↓↓↓

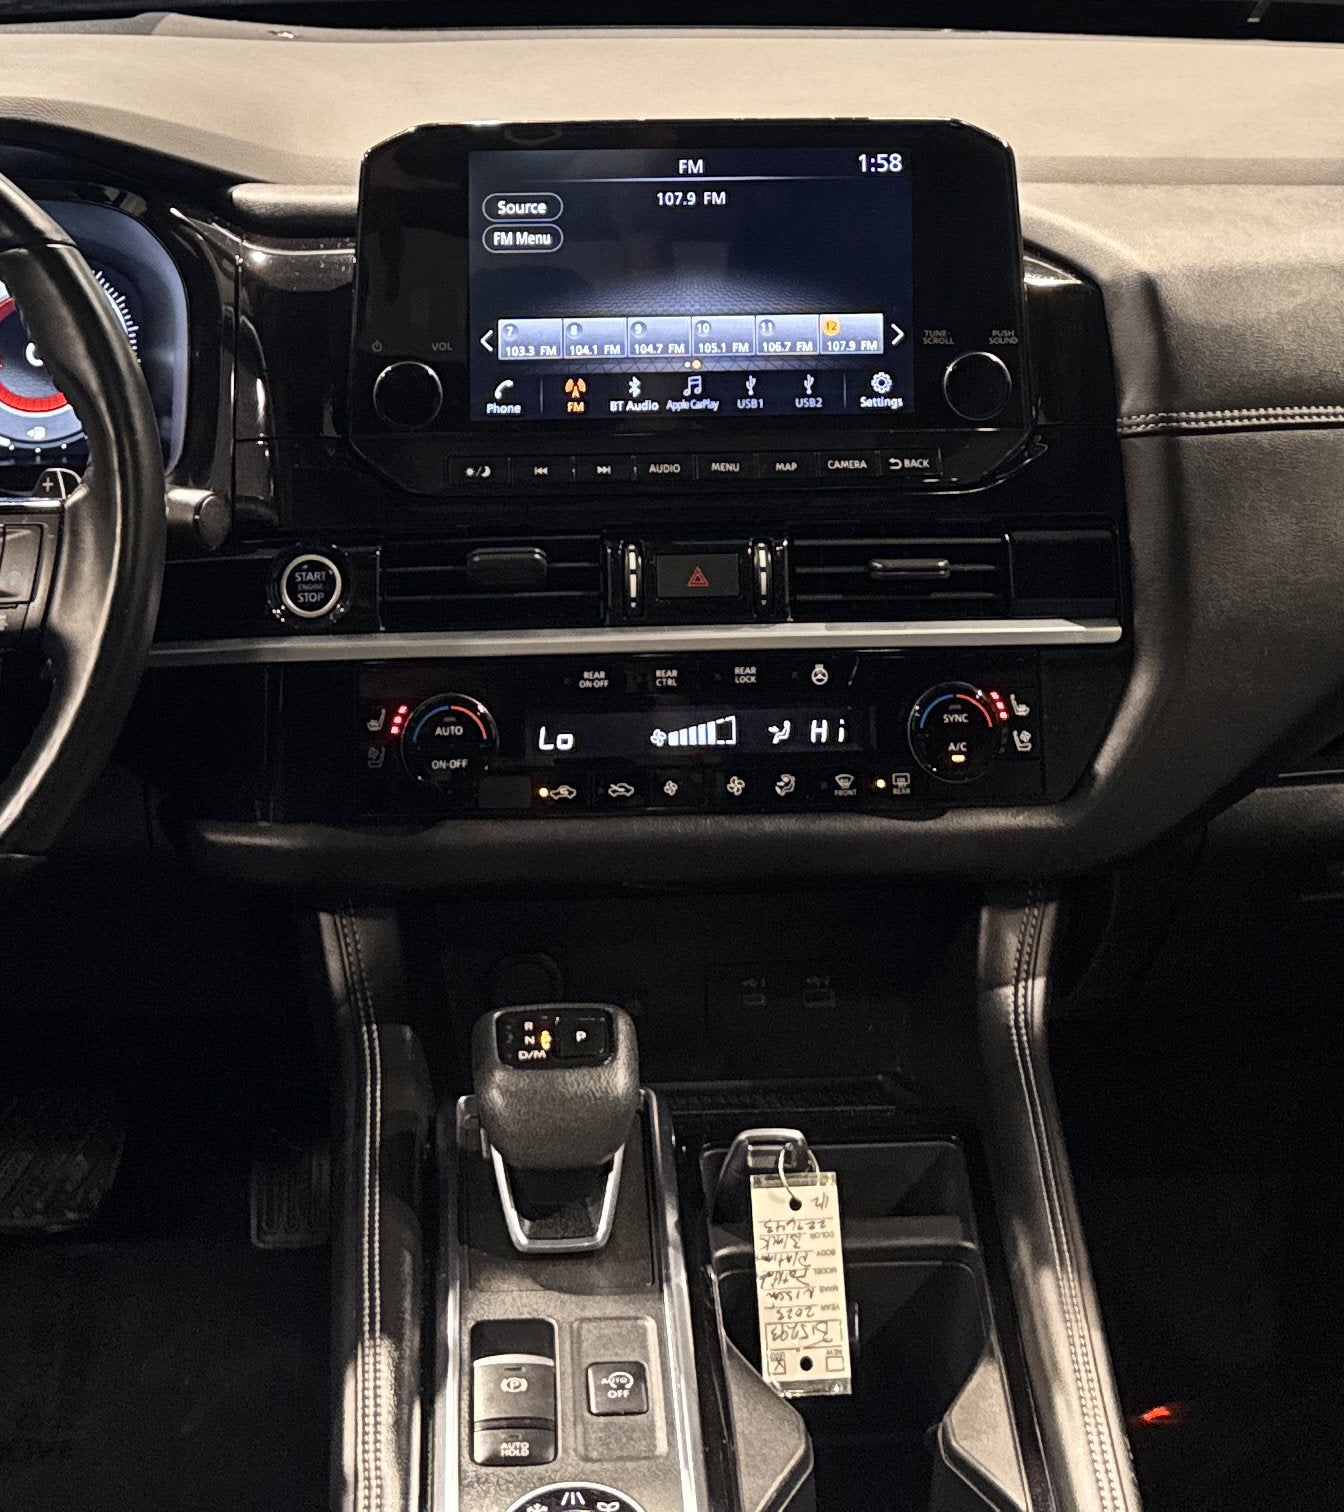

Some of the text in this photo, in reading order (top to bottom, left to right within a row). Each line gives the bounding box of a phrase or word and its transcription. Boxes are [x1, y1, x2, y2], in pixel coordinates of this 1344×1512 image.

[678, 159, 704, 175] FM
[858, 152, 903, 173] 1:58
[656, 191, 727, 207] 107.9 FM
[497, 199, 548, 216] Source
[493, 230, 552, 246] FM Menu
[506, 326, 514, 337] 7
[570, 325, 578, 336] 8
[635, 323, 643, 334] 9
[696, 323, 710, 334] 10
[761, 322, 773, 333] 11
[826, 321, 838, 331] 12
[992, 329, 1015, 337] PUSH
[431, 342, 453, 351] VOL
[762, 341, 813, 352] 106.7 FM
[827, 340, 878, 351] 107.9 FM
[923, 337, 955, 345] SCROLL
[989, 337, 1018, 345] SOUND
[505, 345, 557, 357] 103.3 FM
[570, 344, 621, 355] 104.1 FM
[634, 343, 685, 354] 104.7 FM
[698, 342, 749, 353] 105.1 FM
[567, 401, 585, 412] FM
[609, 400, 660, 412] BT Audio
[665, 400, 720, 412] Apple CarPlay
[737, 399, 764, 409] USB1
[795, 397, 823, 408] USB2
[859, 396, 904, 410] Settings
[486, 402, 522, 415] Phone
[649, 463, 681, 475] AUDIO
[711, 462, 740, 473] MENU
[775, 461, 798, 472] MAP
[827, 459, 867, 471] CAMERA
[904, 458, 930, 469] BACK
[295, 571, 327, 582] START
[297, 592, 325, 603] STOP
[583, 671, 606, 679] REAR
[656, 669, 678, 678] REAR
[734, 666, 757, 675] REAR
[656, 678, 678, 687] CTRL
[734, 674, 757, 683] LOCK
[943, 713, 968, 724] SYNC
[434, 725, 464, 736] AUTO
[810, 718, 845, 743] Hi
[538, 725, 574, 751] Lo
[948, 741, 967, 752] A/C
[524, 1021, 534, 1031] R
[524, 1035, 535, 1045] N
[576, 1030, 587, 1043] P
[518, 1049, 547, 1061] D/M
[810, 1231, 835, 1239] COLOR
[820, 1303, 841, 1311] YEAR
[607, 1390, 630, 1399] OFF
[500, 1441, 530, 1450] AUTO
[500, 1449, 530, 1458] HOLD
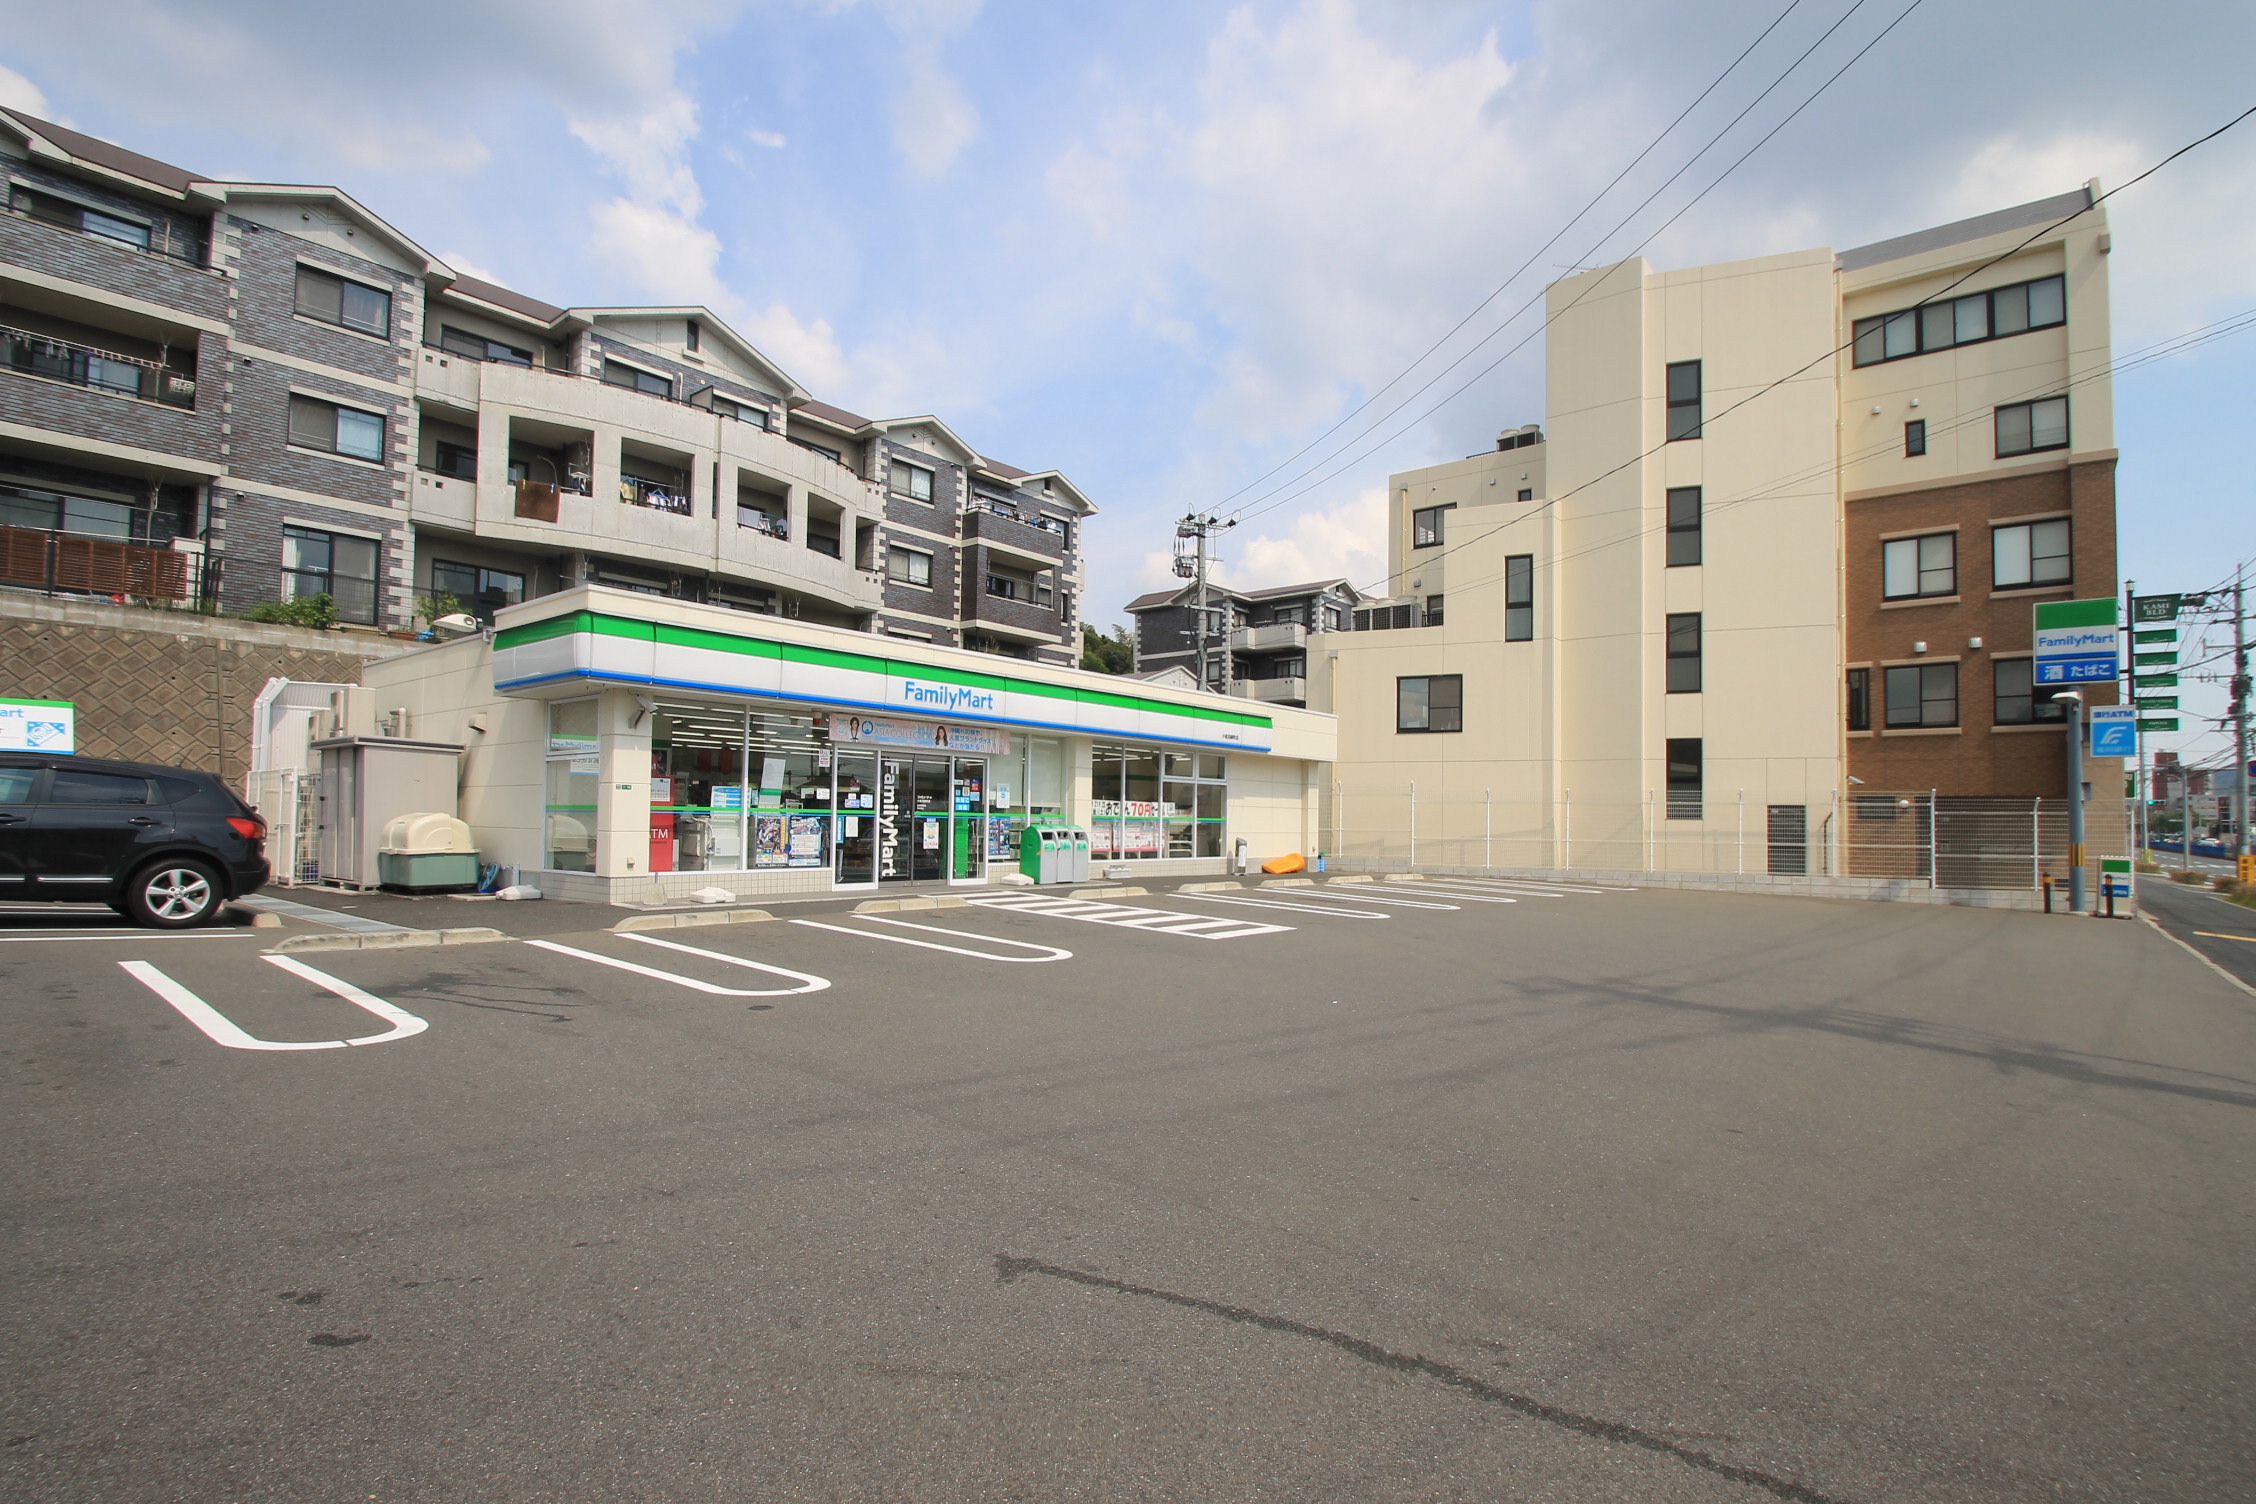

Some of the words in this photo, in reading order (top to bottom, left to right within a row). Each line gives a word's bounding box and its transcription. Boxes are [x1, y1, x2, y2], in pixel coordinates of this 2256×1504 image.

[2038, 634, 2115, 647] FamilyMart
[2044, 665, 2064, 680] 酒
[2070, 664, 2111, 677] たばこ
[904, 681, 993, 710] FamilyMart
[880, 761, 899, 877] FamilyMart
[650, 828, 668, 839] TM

↑↑↑

§ About this exercise
The range begins at the line containing "Some of the words" and ends at the last line of the entries; reproduce it exactly.

§ Answer for the task
Some of the words in this photo, in reading order (top to bottom, left to right within a row). Each line gives a word's bounding box and its transcription. Boxes are [x1, y1, x2, y2], in pixel coordinates of this 2256×1504 image.

[2038, 634, 2115, 647] FamilyMart
[2044, 665, 2064, 680] 酒
[2070, 664, 2111, 677] たばこ
[904, 681, 993, 710] FamilyMart
[880, 761, 899, 877] FamilyMart
[650, 828, 668, 839] TM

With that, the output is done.